*What you will do*
Every entry below should be repeated exactly; the pictures should not.

*Data in this exercise*
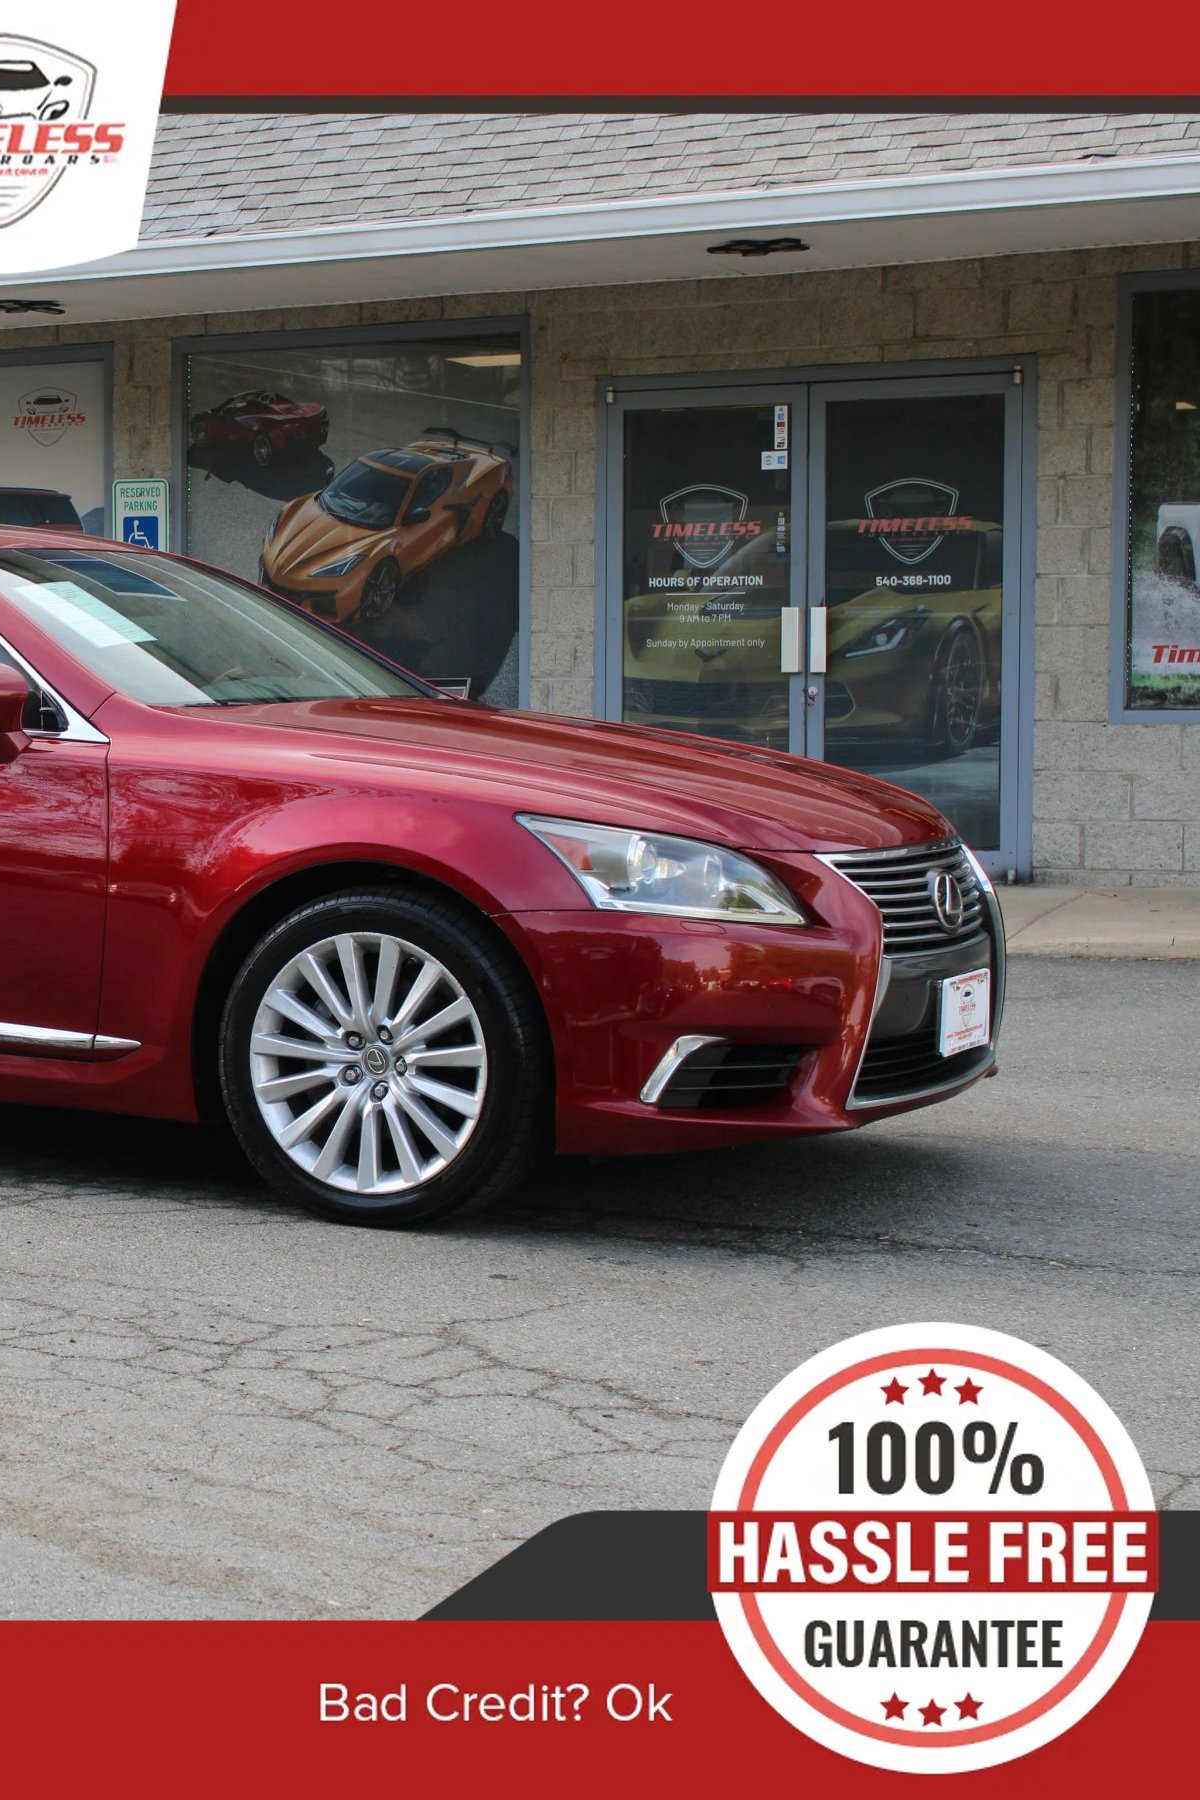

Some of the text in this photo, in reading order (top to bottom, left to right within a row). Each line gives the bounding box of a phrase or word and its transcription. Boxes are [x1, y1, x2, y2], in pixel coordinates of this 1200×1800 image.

[120, 486, 160, 498] RESERVED
[124, 501, 158, 512] PARKING
[651, 521, 762, 538] TIMELESS
[858, 516, 973, 533] TIMELESS
[648, 575, 763, 588] HOURS OF OPERATION
[875, 574, 951, 587] 540-368-1100
[667, 602, 699, 612] Monday
[706, 601, 744, 611] Saturday
[679, 614, 731, 623] 9 AM to 7 PM
[646, 637, 765, 649] Sunday by Appointment only
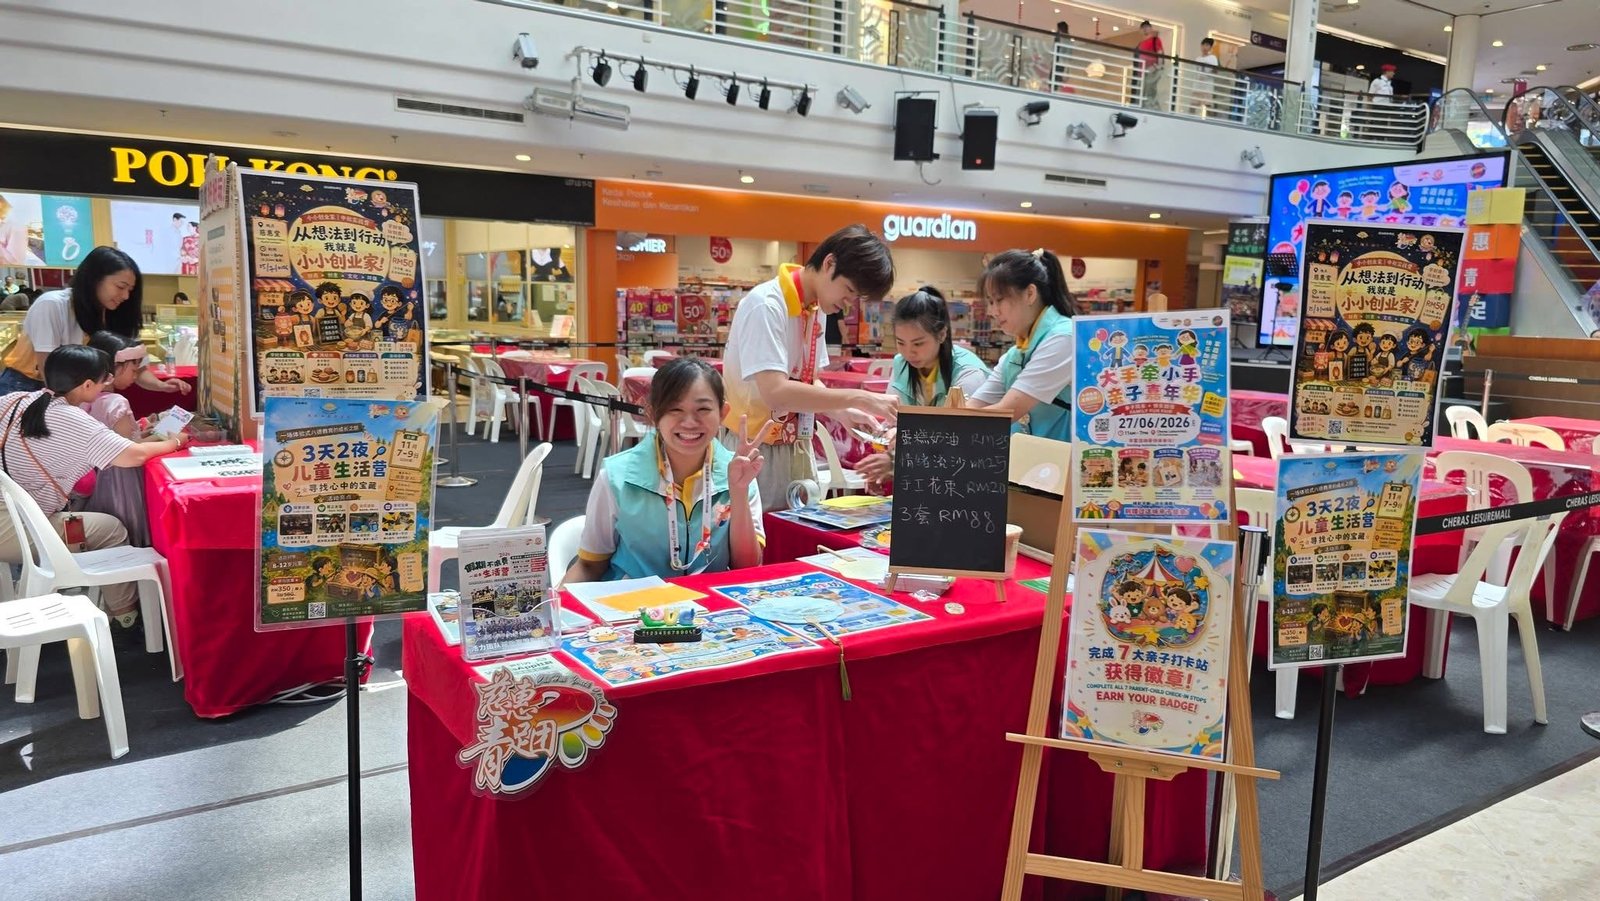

*Your response*
Some of the text in this photo, in reading order (top to bottom, left to right within a row). Each line gives the bounding box of a phrase or word and its transcription. Boxes are [x1, y1, x2, y2], in pixel coordinates of this 1200×1800 image.

[120, 486, 160, 498] RESERVED
[124, 501, 158, 512] PARKING
[651, 521, 762, 538] TIMELESS
[858, 516, 973, 533] TIMELESS
[648, 575, 763, 588] HOURS OF OPERATION
[875, 574, 951, 587] 540-368-1100
[667, 602, 699, 612] Monday
[706, 601, 744, 611] Saturday
[679, 614, 731, 623] 9 AM to 7 PM
[646, 637, 765, 649] Sunday by Appointment only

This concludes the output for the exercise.